* YOUR ASSIGNMENT *
From the line that contains "this 1600×1200 image." to the end of the entries, copy each line exactly, though the pictures stay out.

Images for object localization
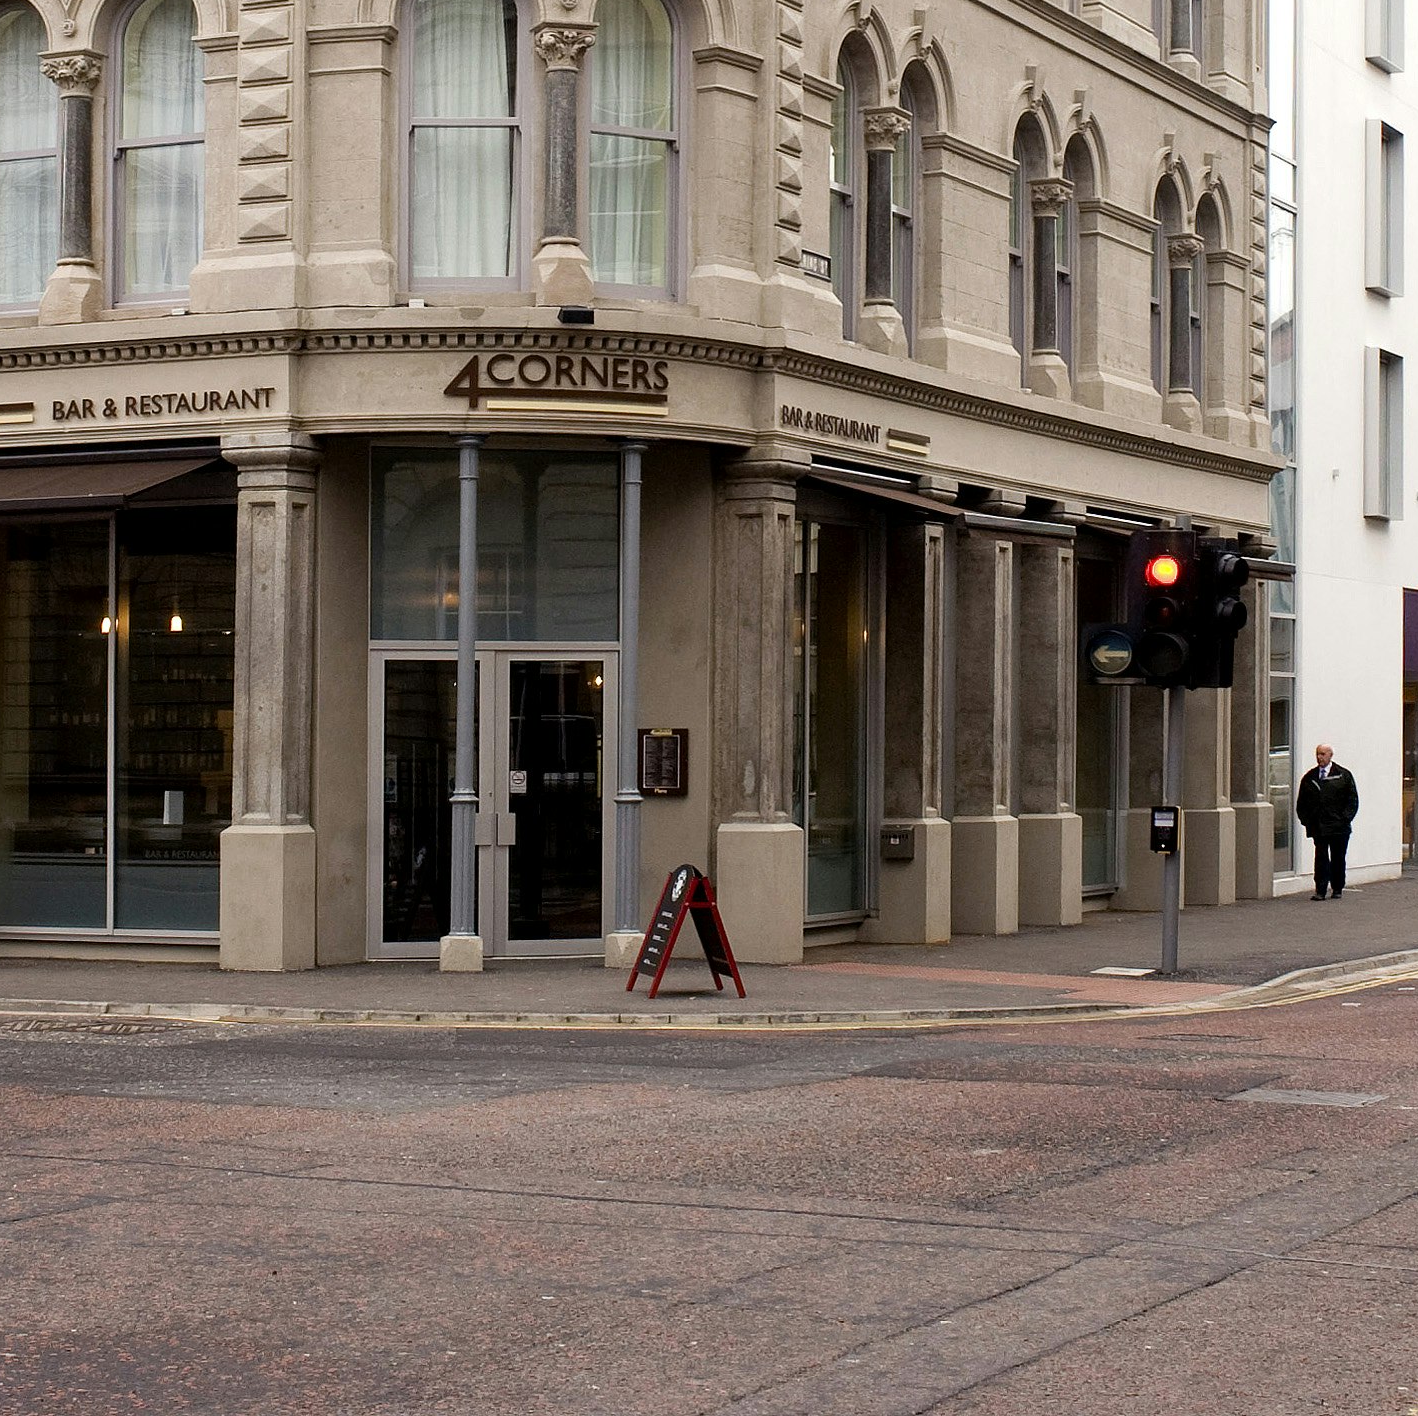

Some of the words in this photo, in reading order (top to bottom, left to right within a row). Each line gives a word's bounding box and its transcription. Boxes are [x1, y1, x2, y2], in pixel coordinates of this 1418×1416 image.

[52, 398, 96, 421] BAR
[102, 397, 118, 417] &
[124, 387, 276, 417] RESTAURANT
[782, 404, 803, 428] BAR
[805, 414, 814, 431] &
[815, 412, 882, 444] RESTAURANT
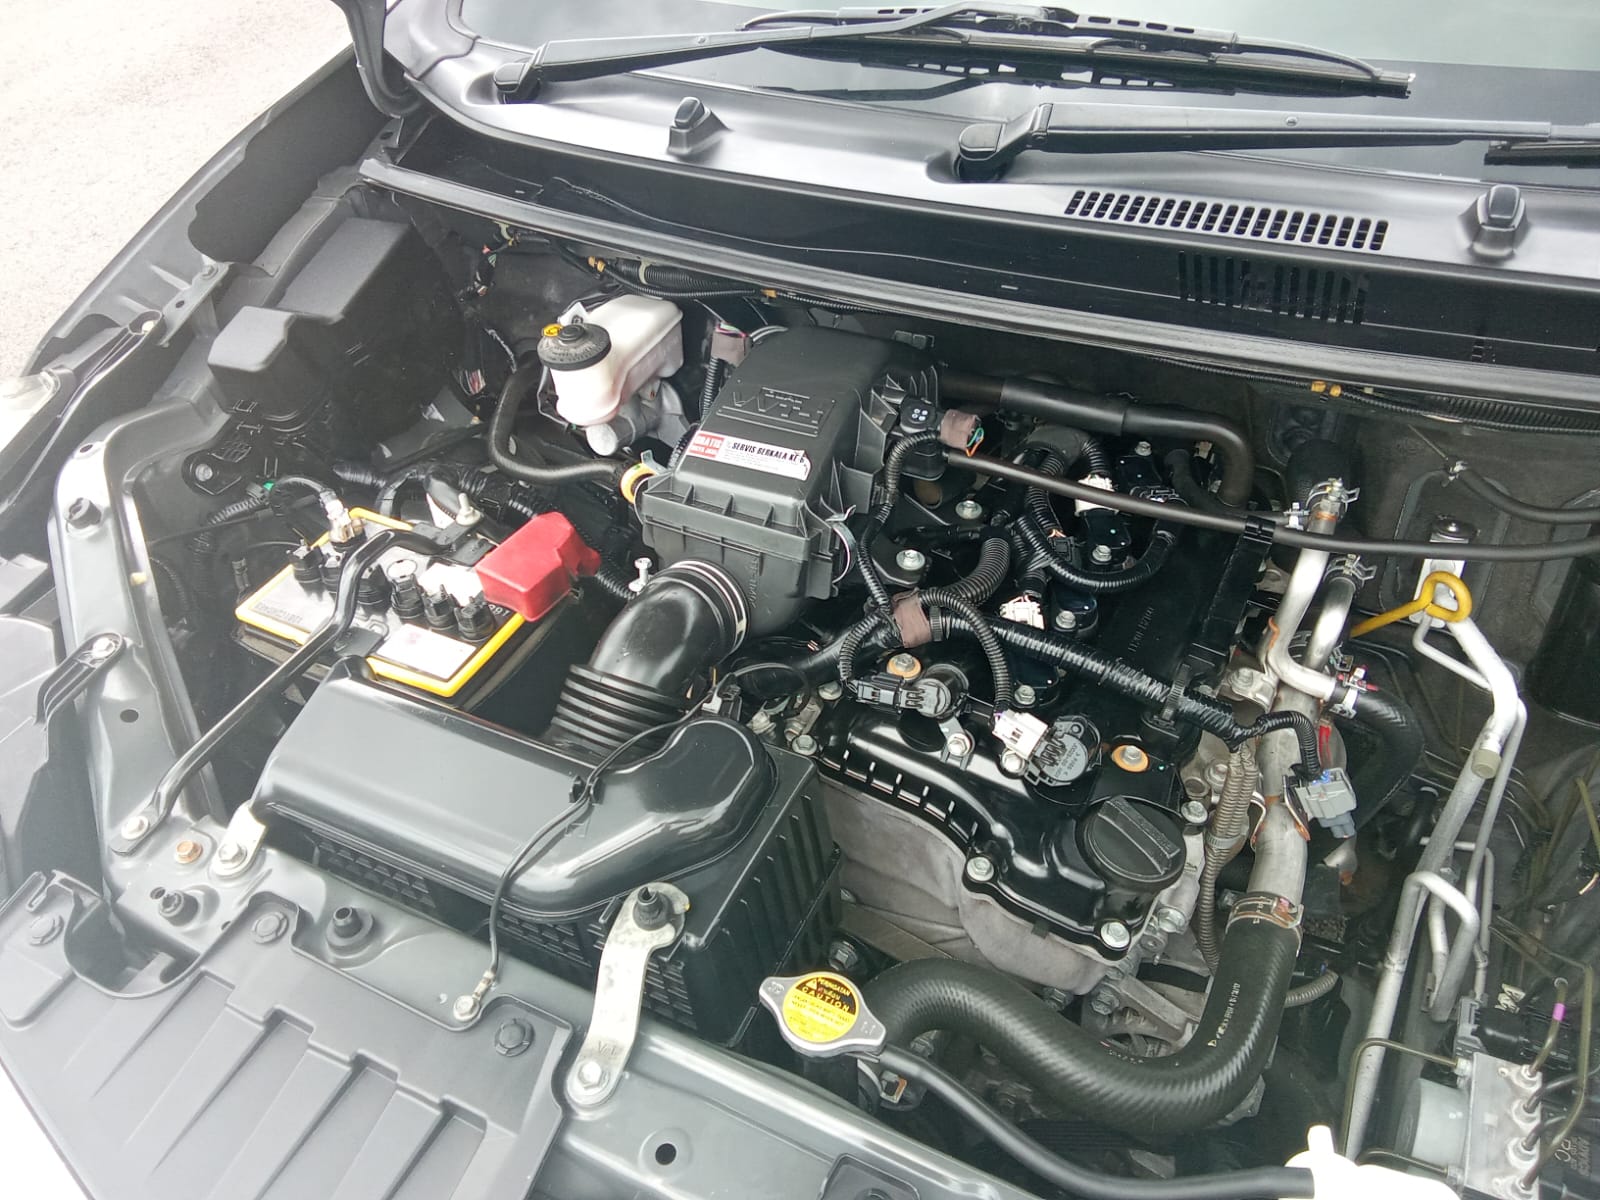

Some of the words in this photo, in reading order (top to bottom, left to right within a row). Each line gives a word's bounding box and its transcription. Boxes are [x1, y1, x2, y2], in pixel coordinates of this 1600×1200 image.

[731, 441, 757, 454] SERVIS
[756, 447, 788, 460] BERKALA
[788, 454, 799, 462] KE
[801, 986, 850, 1012] CAUTION
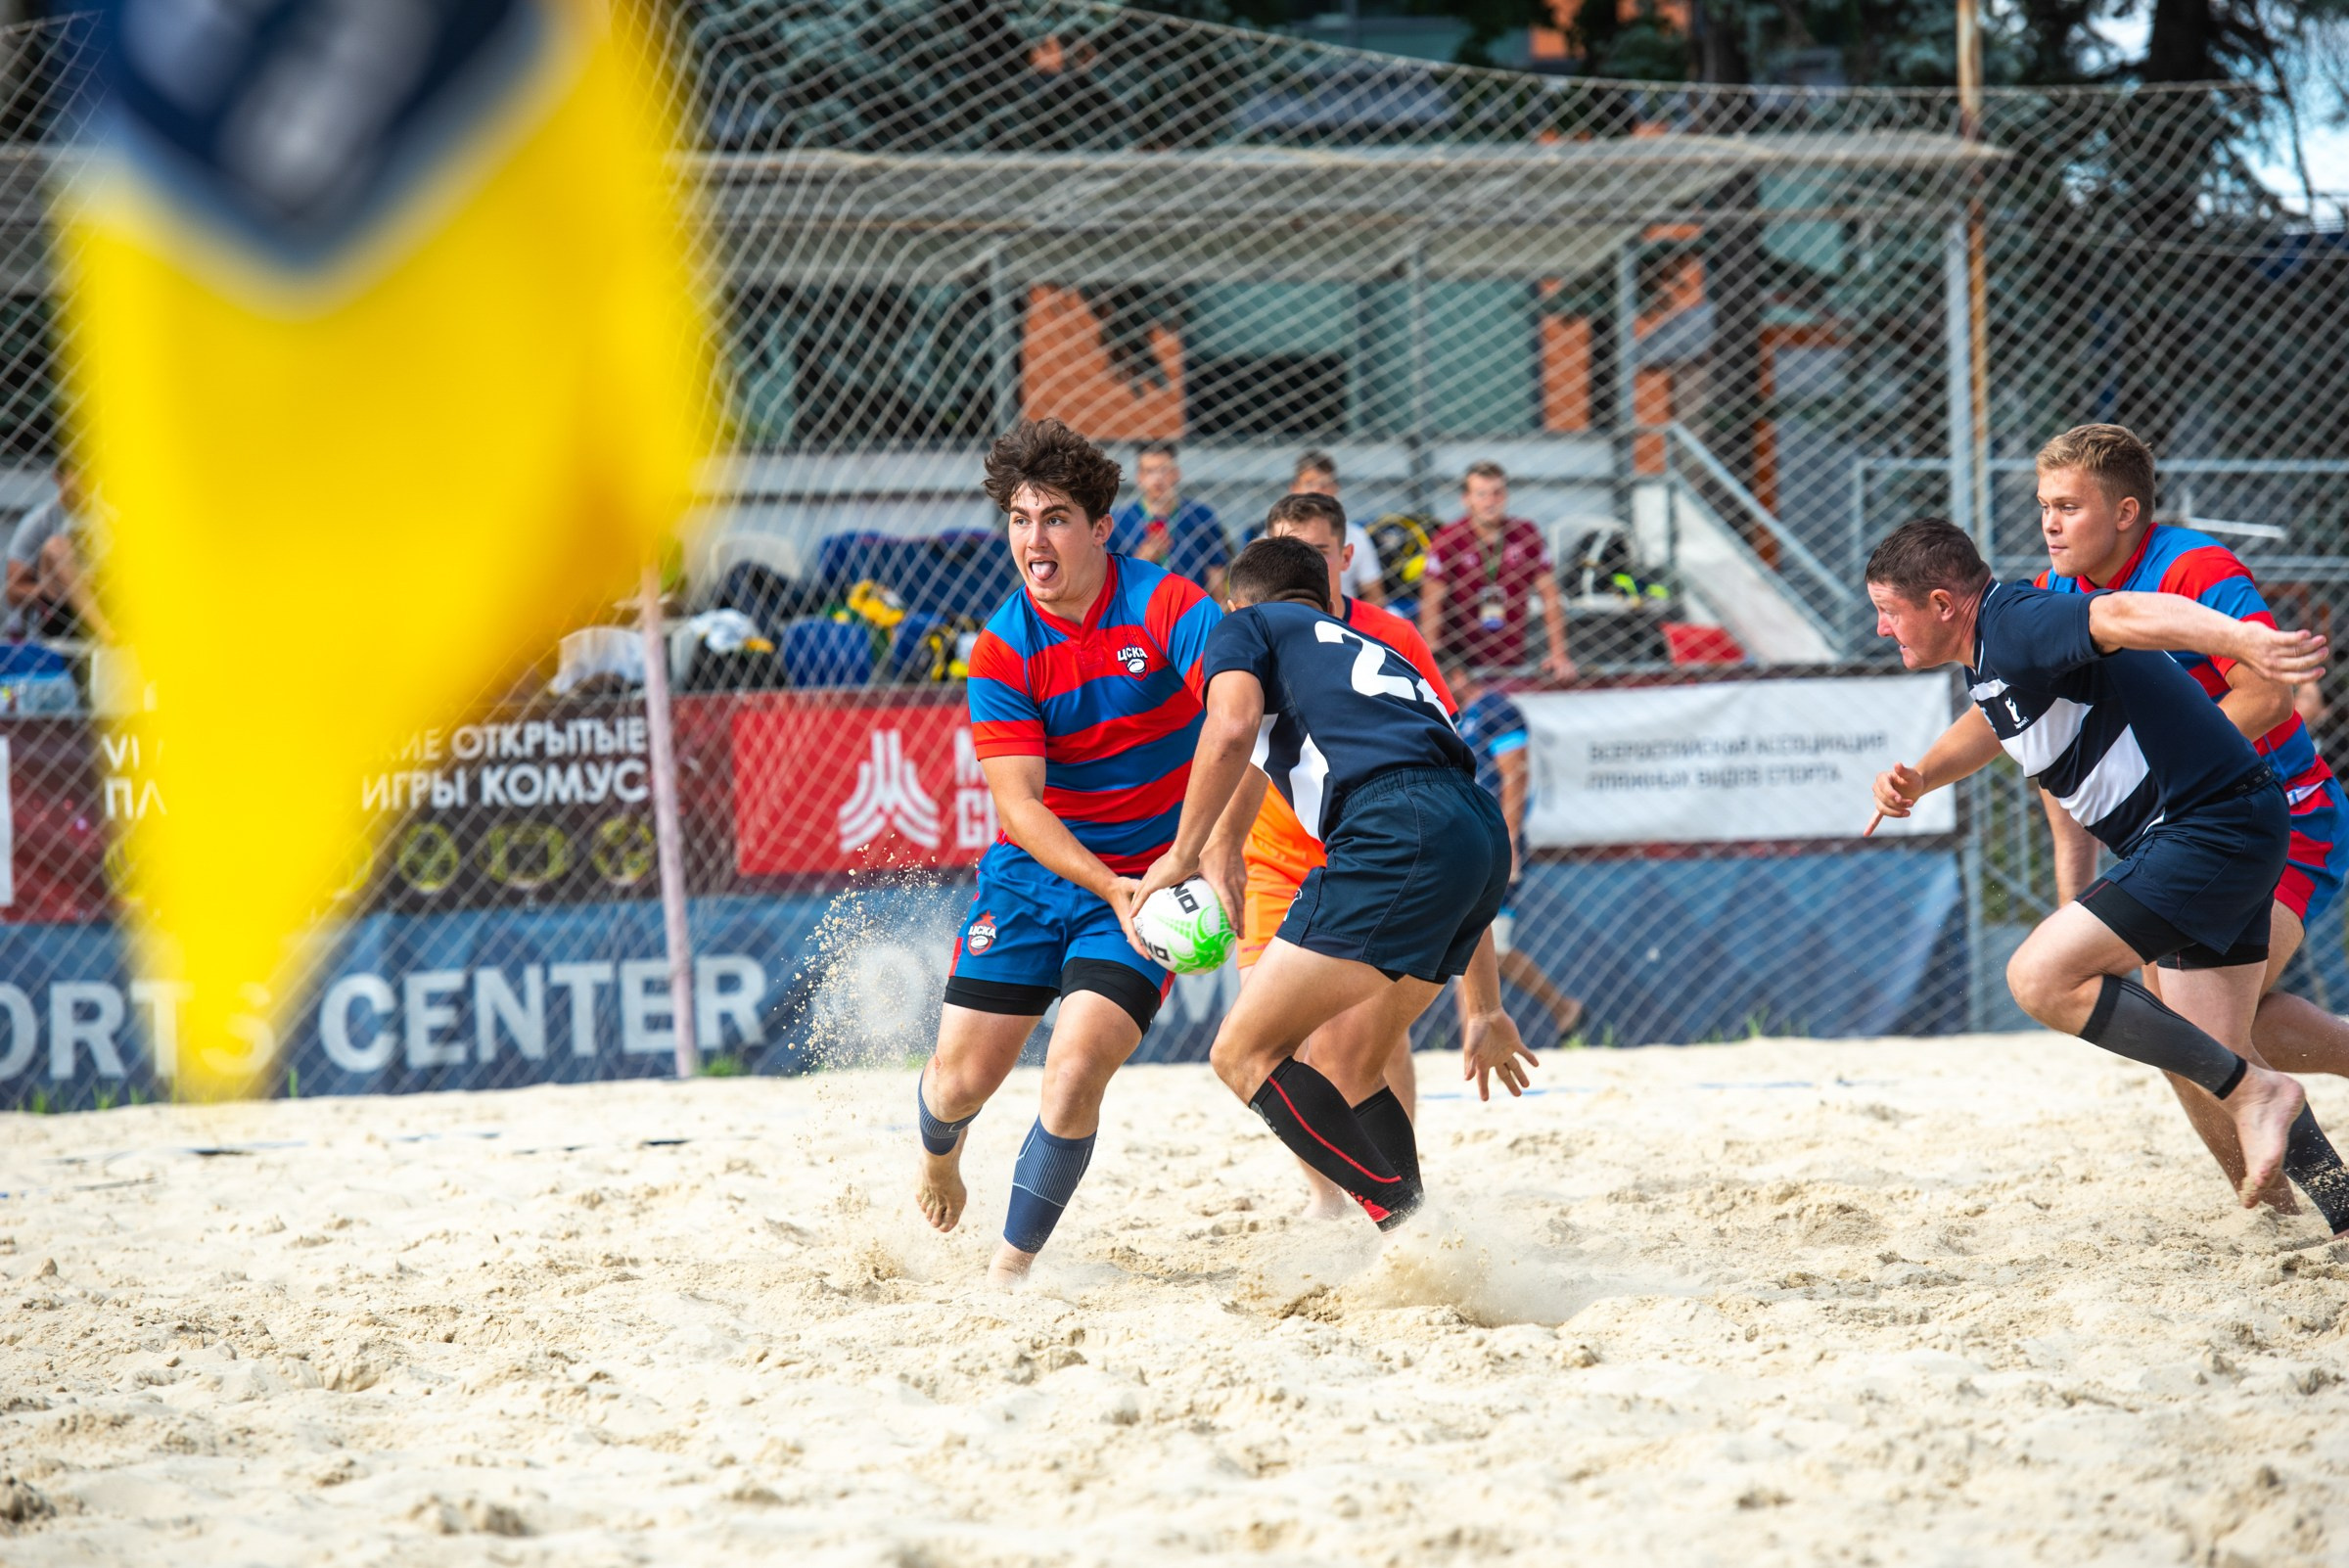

* WRITTEN RESPONSE *
Some of the words in this photo, in reading order (top to bottom, left to right within a row). Each line gives a word's bounding box and its transcription. Boxes are [x1, y1, x2, y2], in pixel coordinates of this 1600×1200 image.

[731, 441, 757, 454] SERVIS
[756, 447, 788, 460] BERKALA
[788, 454, 799, 462] KE
[801, 986, 850, 1012] CAUTION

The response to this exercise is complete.